Start of Information shown
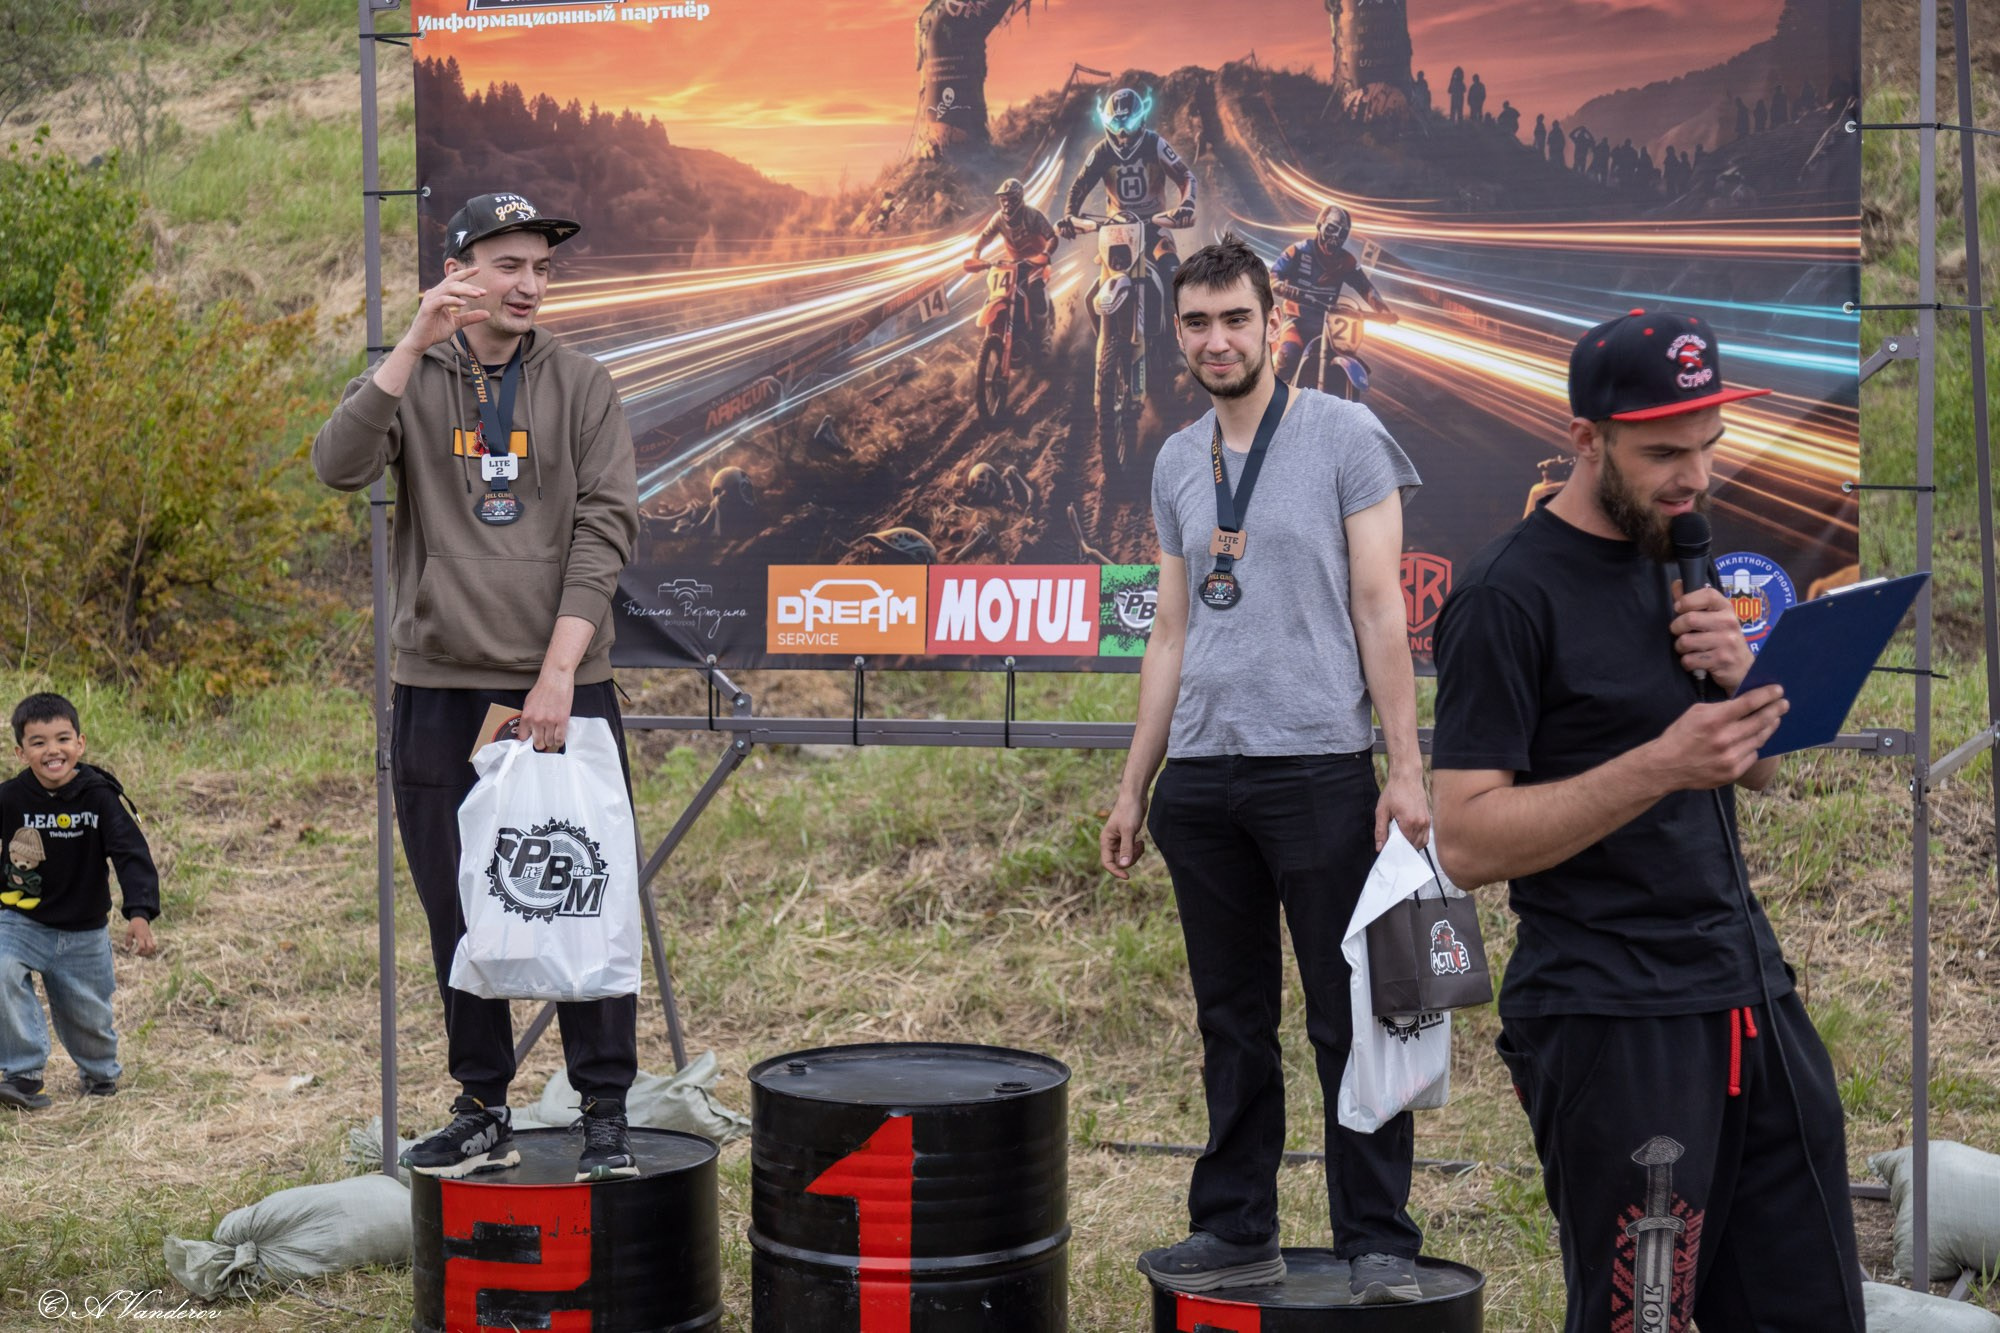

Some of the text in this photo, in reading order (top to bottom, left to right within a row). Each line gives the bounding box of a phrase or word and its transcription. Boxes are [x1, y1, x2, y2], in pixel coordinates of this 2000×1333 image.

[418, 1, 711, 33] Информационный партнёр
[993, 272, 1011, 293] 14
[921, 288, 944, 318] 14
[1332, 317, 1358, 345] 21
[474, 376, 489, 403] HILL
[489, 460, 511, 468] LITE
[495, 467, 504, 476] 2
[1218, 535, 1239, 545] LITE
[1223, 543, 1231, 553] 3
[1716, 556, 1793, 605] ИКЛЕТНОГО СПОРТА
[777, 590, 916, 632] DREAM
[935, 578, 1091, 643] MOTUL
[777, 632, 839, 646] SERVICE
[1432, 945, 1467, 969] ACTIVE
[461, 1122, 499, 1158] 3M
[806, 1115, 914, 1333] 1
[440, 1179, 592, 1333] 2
End of Information shown
◆ **Directions for this task**: A word-for-word copy of all the data, without pictures, is the expected output.

◆ **Written solution**:
Some of the text in this photo, in reading order (top to bottom, left to right within a row). Each line gives the bounding box of a phrase or word and its transcription. Boxes are [x1, y1, x2, y2], in pixel coordinates of this 2000×1333 image.

[418, 1, 711, 33] Информационный партнёр
[993, 272, 1011, 293] 14
[921, 288, 944, 318] 14
[1332, 317, 1358, 345] 21
[474, 376, 489, 403] HILL
[489, 460, 511, 468] LITE
[495, 467, 504, 476] 2
[1218, 535, 1239, 545] LITE
[1223, 543, 1231, 553] 3
[1716, 556, 1793, 605] ИКЛЕТНОГО СПОРТА
[777, 590, 916, 632] DREAM
[935, 578, 1091, 643] MOTUL
[777, 632, 839, 646] SERVICE
[1432, 945, 1467, 969] ACTIVE
[461, 1122, 499, 1158] 3M
[806, 1115, 914, 1333] 1
[440, 1179, 592, 1333] 2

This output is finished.